Kosa Kata yang Harus Dihilangkan dari Khazanah Pendidikan

KOSA KATA YANG SEBAIKNYA DITIADAKAN DALAM KHAZANAH PENDIDIKAN

(Kurang ajar dan Bodoh)

Dra. Rosnawati, M.Hum

Interaksi komunikasi dalam kehidupan sehari-hari, khususnya di lingkungan sekolah terdapat begitu banyak kosa kata yang kurang layak terucap dari mulut warga sekolah. Entah itu diucapakan dalam keadaan marah, jengkel, maupun bercanda yang dilakukan secara spontan tanpa maksud di balik kata itu.

Jika dicermati dan dicamkan secara mendalam kata-kata tersebut sebenarnya sangat tidak pantas untuk diucapkan. Namun hingga saat ini kosa kata itu sepertinya menjadi hal yang biasa dan lazim, dengan mudah bisa terucap kapan dan di mana saja termasuk berlaku dalam area persekolahan. Salah satu yang dimaksud adalah kosa kata ‘Kurang ajar’. Seharusnya perlu komitmen bersama untuk menghapus kata tersebut dari dunia pendidikan.

Pada setiap perbincangan atau pembicaraan secara non formal, namun tidak menutup kemungkinan terjadi dalam forum resmi terlontar kata ‘kurang ajar’. Ketika ujaran itu terlontar apa sebenarnya yang ada di balik pikiran?. Apalagi jika hal tersebut diucapkan dengan dasar kemarahan, disertai nada dan aksentuasi yang mempertegas, dengan tujuan mengumpat atau mengecam maka sudah pasti mengarah ke makna negatif. ‘Kurang ajar’ berarti kurang mendapatkan pengajaran atau tidak pernah diajar. Seperti halnya dengan frase yang lain, misalnya ‘kurang kasih sayang, kurang perhatian’ dan lain sebagainya yang kurang.

Apabila kita menganalisis kata ‘kurang ajar’ yang bermakna ‘kurang diajar (kurang didikan)’ maka sangat jauh menyimpang dari kenyataan. Bukankah setiap yang dilakukan oleh orang tua di rumah terdapat unsur ajaran, begitupun seluruh aktivitas guru di sekolah yang mengarah kepada peserta didik semua mengandung nilai mengajar dan mendidik mereka. Kemudian di mana letak celah ‘kurangnya’?. Sesungguhnya tidak pernah ada yang kurang dalam pengajaran, malahan berlebih dan tumpah ruah unsur-unsur ajar dalam beragam bentuk yang didapatkan peserta didik. Oleh karena itu, seandainya saja kita (pengguna bahasa) sepakat untuk mengganti kosa kata ‘kurang ajar’ menjadi ‘lebih atau banyak ajar’. Hanya saja akan kedengaran aneh karena tidak biasa dan juga akan berbeda dalam pemakaiannya.
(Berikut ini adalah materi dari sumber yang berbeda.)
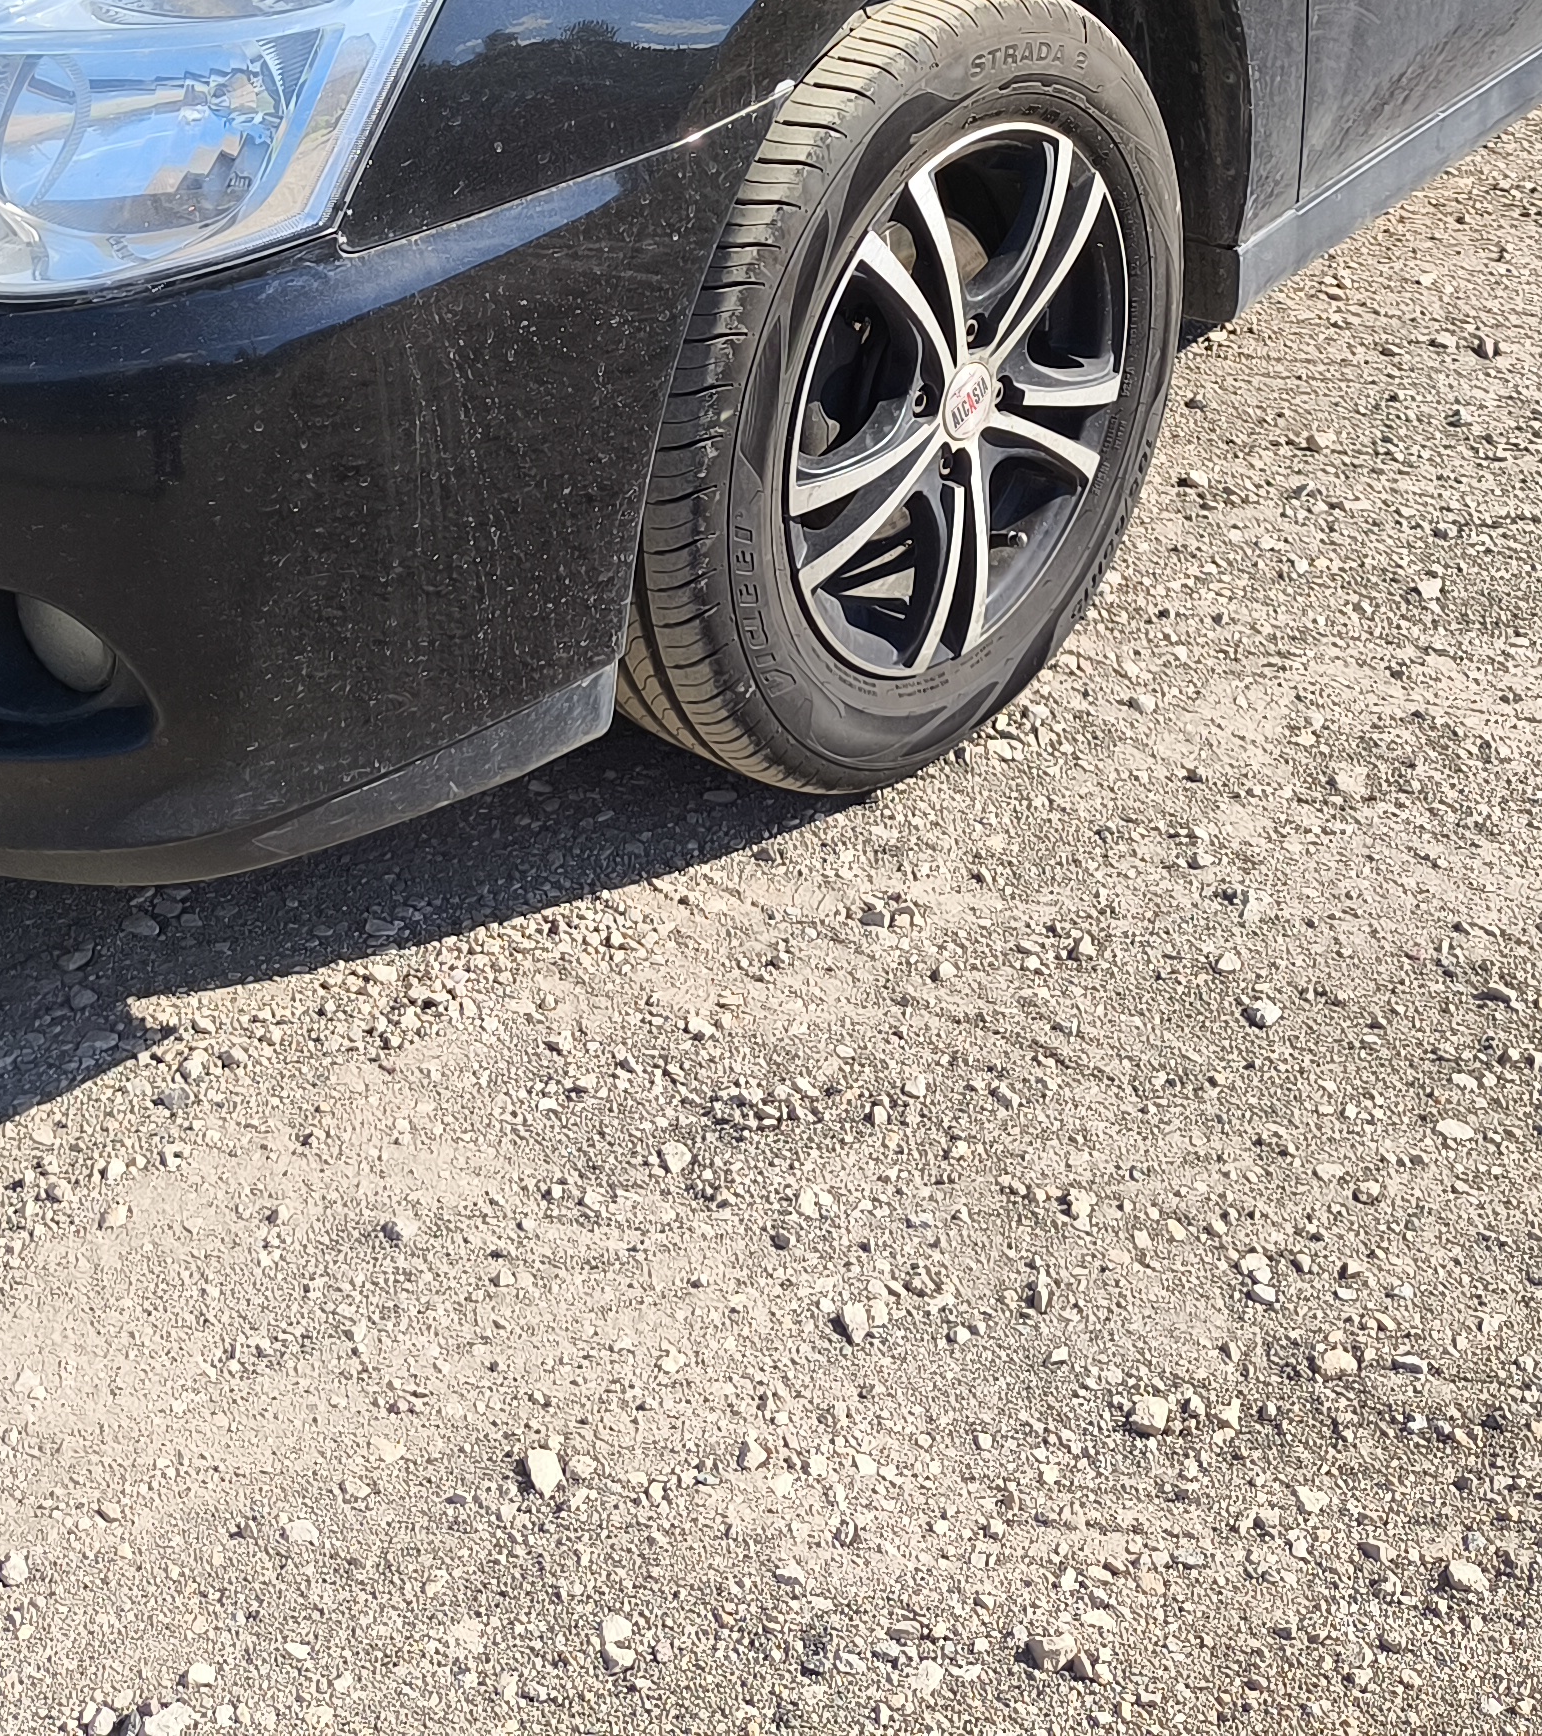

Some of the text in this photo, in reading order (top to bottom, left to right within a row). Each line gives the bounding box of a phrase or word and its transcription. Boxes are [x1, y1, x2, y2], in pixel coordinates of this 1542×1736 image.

[969, 41, 1090, 78] STRADA 2
[950, 375, 990, 430] ALCASTA
Ditemukan fakta dalam penggunaan bahasa ternyata kosa kata ‘kurang ajar’ sudah dikreasikan menjadi ‘kurang ekor dan kurang asam’. Barangkali maksudnya supaya tidak kedengaran kasar dan lebih gaul. Yah kembali lagi ke konteksnya, apa dan siapa yang kurang ekor dan yang kurang asam. Kalau manusia memang tidak berekor karena bukan binatang, pasti tidak asam karena bukan makanan.

Mengenai seluk beluk terlontarnya kosa kata ‘kurang ajar’. Kalau kata itu diucapkan oleh siswa terhadap siswa yang lain, dalam keadaan kesal ataupun sekadar terlontar, maka bagi mereka sepertinya tidak ada beban moral dengan makna kata tersebut. Sebaliknya jika hal itu ditujukan pada guru secara personal, barangkali terjadi konflik diam-diam dan tersembunyi antara guru dengan siswa. Boleh jadi maksudnya memang guru tersebut belum mengajar dirinya sendiri, sehingga masih kurang. Lebih parah lagi apabila kosa kata ‘kurang ajar’ keluar dari mulut guru yang ditujukan kepada peserta didik. Maka hakikatnya, perkataan itu akan kembali menyerang eksistensi guru, bahwa guru sebagai pengajar dan pendidik kurang memberikan ajaran sehingga siswa dianggap masih ‘kurang ajar’. Suatu kemungkinan bisa terjadi ada siswa yang kritis kemudian menanggapi dengan santai “ Bapak / Ibu Guru, kalau sekiranya kami masih kurang ajar, tolong perbanyak ajari kami “.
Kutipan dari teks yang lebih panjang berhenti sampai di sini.